[DIRECTIONS FOR THIS TASK] Return the full set of entries precisely. Do not carry over any pictures.

[RECORDS TO USE]

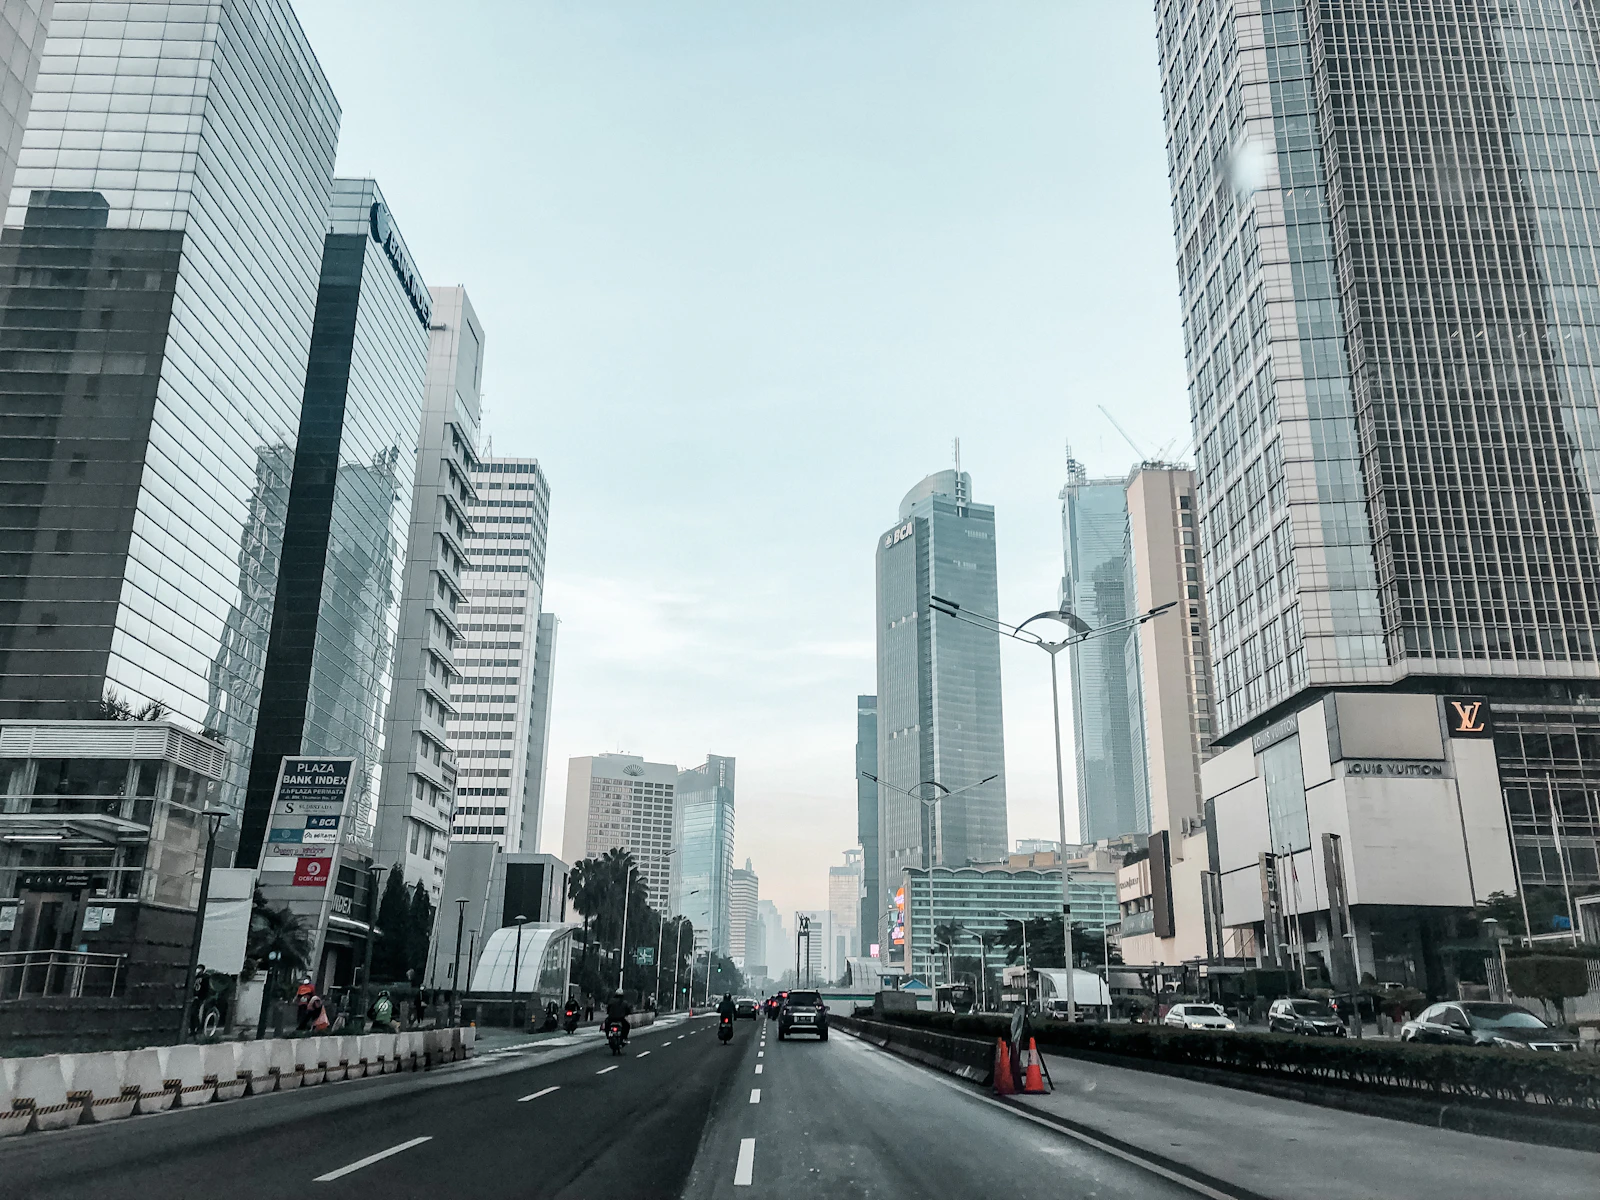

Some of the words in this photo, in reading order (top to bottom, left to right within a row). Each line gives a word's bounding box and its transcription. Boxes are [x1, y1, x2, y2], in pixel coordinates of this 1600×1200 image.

[893, 521, 913, 544] BCA
[1253, 731, 1271, 749] LOUIS
[1271, 717, 1297, 740] VUITTON
[297, 763, 335, 773] PLAZA
[1346, 763, 1384, 775] LOUIS
[1386, 764, 1443, 776] VUITTON
[282, 775, 312, 785] BANK
[314, 775, 348, 786] INDEX
[318, 818, 336, 827] BCA
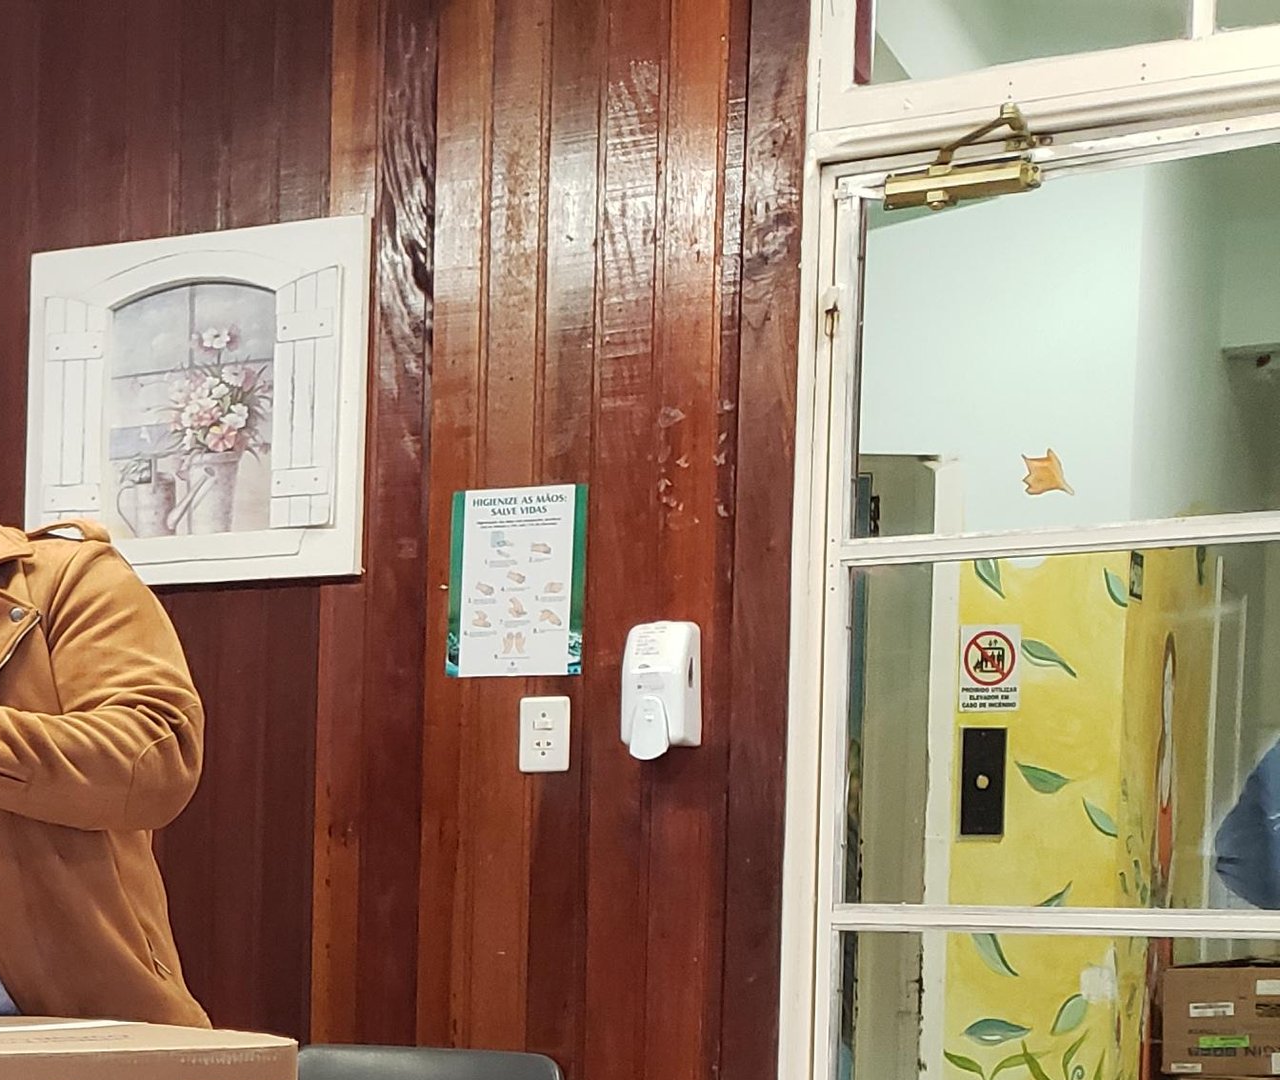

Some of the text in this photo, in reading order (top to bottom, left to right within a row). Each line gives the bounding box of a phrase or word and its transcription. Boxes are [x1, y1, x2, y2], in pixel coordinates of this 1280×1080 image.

[SOLVED PROBLEM]
Some of the words in this photo, in reading order (top to bottom, left to right within a row). Each line gives a word's bounding box and its transcription. Boxes are [x1, y1, x2, y2], in pixel coordinates of this 1600×1200 image.

[893, 521, 913, 544] BCA
[1253, 731, 1271, 749] LOUIS
[1271, 717, 1297, 740] VUITTON
[297, 763, 335, 773] PLAZA
[1346, 763, 1384, 775] LOUIS
[1386, 764, 1443, 776] VUITTON
[282, 775, 312, 785] BANK
[314, 775, 348, 786] INDEX
[318, 818, 336, 827] BCA

Some of the text in this photo, in reading order (top to bottom, left to right within a row). Each line gives the bounding box of a phrase or word and its transcription. Boxes are [x1, y1, x2, y2], in pixel coordinates of this 1280×1080 image.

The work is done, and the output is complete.